**TRY IT**: The records that follow must be printed exactly as they are.

**SOURCE MATERIAL**:
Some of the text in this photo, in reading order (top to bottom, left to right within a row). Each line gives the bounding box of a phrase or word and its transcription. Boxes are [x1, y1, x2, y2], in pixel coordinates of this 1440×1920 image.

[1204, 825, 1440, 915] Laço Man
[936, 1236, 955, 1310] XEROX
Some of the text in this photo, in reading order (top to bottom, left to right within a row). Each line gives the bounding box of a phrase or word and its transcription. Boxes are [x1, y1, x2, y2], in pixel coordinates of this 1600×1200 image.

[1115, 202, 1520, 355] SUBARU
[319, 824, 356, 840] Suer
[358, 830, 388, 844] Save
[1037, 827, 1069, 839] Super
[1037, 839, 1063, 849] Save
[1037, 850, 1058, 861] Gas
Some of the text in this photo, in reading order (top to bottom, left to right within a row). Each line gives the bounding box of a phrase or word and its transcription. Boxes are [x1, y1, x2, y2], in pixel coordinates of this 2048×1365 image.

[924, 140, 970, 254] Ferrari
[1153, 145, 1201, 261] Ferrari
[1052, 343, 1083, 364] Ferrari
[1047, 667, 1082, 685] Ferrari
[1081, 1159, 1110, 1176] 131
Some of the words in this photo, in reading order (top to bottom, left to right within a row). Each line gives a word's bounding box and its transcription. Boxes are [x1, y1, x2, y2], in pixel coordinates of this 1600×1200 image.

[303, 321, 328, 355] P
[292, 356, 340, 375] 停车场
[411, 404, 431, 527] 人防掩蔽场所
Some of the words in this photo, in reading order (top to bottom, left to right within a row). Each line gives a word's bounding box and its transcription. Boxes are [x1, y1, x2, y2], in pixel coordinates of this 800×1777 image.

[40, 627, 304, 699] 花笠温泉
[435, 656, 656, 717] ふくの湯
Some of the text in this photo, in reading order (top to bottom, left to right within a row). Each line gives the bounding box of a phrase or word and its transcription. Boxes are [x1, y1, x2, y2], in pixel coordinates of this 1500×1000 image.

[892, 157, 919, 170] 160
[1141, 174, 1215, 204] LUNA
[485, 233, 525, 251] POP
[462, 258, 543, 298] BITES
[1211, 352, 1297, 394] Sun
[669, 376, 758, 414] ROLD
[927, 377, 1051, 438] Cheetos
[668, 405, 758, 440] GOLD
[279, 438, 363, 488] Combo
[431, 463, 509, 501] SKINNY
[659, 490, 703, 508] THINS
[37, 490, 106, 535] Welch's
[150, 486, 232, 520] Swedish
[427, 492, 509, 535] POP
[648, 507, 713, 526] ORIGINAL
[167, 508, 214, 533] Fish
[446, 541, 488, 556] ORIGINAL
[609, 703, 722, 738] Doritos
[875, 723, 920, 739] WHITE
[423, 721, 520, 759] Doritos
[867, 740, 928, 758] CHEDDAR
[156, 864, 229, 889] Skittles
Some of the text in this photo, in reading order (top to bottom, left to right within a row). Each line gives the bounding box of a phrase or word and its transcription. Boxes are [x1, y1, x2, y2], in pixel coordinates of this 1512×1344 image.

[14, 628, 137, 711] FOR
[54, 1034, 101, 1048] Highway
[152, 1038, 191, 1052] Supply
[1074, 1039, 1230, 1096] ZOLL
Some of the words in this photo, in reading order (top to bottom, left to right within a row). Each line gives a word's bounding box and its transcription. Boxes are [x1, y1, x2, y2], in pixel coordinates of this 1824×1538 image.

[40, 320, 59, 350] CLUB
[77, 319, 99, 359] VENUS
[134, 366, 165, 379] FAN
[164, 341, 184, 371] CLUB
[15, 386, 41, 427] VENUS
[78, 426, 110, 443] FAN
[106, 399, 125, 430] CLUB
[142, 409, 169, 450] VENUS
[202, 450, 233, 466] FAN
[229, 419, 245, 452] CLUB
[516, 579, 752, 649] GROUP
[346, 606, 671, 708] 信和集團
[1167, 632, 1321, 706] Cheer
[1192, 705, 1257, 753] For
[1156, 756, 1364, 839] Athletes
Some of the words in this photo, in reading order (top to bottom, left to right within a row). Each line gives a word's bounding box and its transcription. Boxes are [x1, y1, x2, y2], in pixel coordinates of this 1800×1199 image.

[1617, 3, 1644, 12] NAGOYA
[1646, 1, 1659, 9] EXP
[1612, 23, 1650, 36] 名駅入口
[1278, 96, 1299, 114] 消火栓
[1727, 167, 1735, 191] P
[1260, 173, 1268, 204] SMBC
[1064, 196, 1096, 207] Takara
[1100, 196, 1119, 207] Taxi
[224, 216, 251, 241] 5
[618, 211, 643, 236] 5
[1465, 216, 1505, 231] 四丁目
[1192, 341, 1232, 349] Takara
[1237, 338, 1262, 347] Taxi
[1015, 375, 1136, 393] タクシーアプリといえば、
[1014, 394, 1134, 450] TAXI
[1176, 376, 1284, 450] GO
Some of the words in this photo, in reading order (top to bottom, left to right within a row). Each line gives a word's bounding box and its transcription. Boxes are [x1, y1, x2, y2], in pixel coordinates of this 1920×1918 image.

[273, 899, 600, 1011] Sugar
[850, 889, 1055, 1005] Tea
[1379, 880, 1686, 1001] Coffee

**PROBLEM SOLUTION**:
Some of the text in this photo, in reading order (top to bottom, left to right within a row). Each line gives the bounding box of a phrase or word and its transcription. Boxes are [x1, y1, x2, y2], in pixel coordinates of this 1440×1920 image.

[1204, 825, 1440, 915] Laço Man
[936, 1236, 955, 1310] XEROX
Some of the text in this photo, in reading order (top to bottom, left to right within a row). Each line gives the bounding box of a phrase or word and its transcription. Boxes are [x1, y1, x2, y2], in pixel coordinates of this 1600×1200 image.

[1115, 202, 1520, 355] SUBARU
[319, 824, 356, 840] Suer
[358, 830, 388, 844] Save
[1037, 827, 1069, 839] Super
[1037, 839, 1063, 849] Save
[1037, 850, 1058, 861] Gas
Some of the text in this photo, in reading order (top to bottom, left to right within a row). Each line gives the bounding box of a phrase or word and its transcription. Boxes are [x1, y1, x2, y2], in pixel coordinates of this 2048×1365 image.

[924, 140, 970, 254] Ferrari
[1153, 145, 1201, 261] Ferrari
[1052, 343, 1083, 364] Ferrari
[1047, 667, 1082, 685] Ferrari
[1081, 1159, 1110, 1176] 131
Some of the words in this photo, in reading order (top to bottom, left to right within a row). Each line gives a word's bounding box and its transcription. Boxes are [x1, y1, x2, y2], in pixel coordinates of this 1600×1200 image.

[303, 321, 328, 355] P
[292, 356, 340, 375] 停车场
[411, 404, 431, 527] 人防掩蔽场所
Some of the words in this photo, in reading order (top to bottom, left to right within a row). Each line gives a word's bounding box and its transcription. Boxes are [x1, y1, x2, y2], in pixel coordinates of this 800×1777 image.

[40, 627, 304, 699] 花笠温泉
[435, 656, 656, 717] ふくの湯
Some of the text in this photo, in reading order (top to bottom, left to right within a row). Each line gives the bounding box of a phrase or word and its transcription. Boxes are [x1, y1, x2, y2], in pixel coordinates of this 1500×1000 image.

[892, 157, 919, 170] 160
[1141, 174, 1215, 204] LUNA
[485, 233, 525, 251] POP
[462, 258, 543, 298] BITES
[1211, 352, 1297, 394] Sun
[669, 376, 758, 414] ROLD
[927, 377, 1051, 438] Cheetos
[668, 405, 758, 440] GOLD
[279, 438, 363, 488] Combo
[431, 463, 509, 501] SKINNY
[659, 490, 703, 508] THINS
[37, 490, 106, 535] Welch's
[150, 486, 232, 520] Swedish
[427, 492, 509, 535] POP
[648, 507, 713, 526] ORIGINAL
[167, 508, 214, 533] Fish
[446, 541, 488, 556] ORIGINAL
[609, 703, 722, 738] Doritos
[875, 723, 920, 739] WHITE
[423, 721, 520, 759] Doritos
[867, 740, 928, 758] CHEDDAR
[156, 864, 229, 889] Skittles
Some of the text in this photo, in reading order (top to bottom, left to right within a row). Each line gives the bounding box of a phrase or word and its transcription. Boxes are [x1, y1, x2, y2], in pixel coordinates of this 1512×1344 image.

[14, 628, 137, 711] FOR
[54, 1034, 101, 1048] Highway
[152, 1038, 191, 1052] Supply
[1074, 1039, 1230, 1096] ZOLL
Some of the words in this photo, in reading order (top to bottom, left to right within a row). Each line gives a word's bounding box and its transcription. Boxes are [x1, y1, x2, y2], in pixel coordinates of this 1824×1538 image.

[40, 320, 59, 350] CLUB
[77, 319, 99, 359] VENUS
[134, 366, 165, 379] FAN
[164, 341, 184, 371] CLUB
[15, 386, 41, 427] VENUS
[78, 426, 110, 443] FAN
[106, 399, 125, 430] CLUB
[142, 409, 169, 450] VENUS
[202, 450, 233, 466] FAN
[229, 419, 245, 452] CLUB
[516, 579, 752, 649] GROUP
[346, 606, 671, 708] 信和集團
[1167, 632, 1321, 706] Cheer
[1192, 705, 1257, 753] For
[1156, 756, 1364, 839] Athletes
Some of the words in this photo, in reading order (top to bottom, left to right within a row). Each line gives a word's bounding box and its transcription. Boxes are [x1, y1, x2, y2], in pixel coordinates of this 1800×1199 image.

[1617, 3, 1644, 12] NAGOYA
[1646, 1, 1659, 9] EXP
[1612, 23, 1650, 36] 名駅入口
[1278, 96, 1299, 114] 消火栓
[1727, 167, 1735, 191] P
[1260, 173, 1268, 204] SMBC
[1064, 196, 1096, 207] Takara
[1100, 196, 1119, 207] Taxi
[224, 216, 251, 241] 5
[618, 211, 643, 236] 5
[1465, 216, 1505, 231] 四丁目
[1192, 341, 1232, 349] Takara
[1237, 338, 1262, 347] Taxi
[1015, 375, 1136, 393] タクシーアプリといえば、
[1014, 394, 1134, 450] TAXI
[1176, 376, 1284, 450] GO
Some of the words in this photo, in reading order (top to bottom, left to right within a row). Each line gives a word's bounding box and its transcription. Boxes are [x1, y1, x2, y2], in pixel coordinates of this 1920×1918 image.

[273, 899, 600, 1011] Sugar
[850, 889, 1055, 1005] Tea
[1379, 880, 1686, 1001] Coffee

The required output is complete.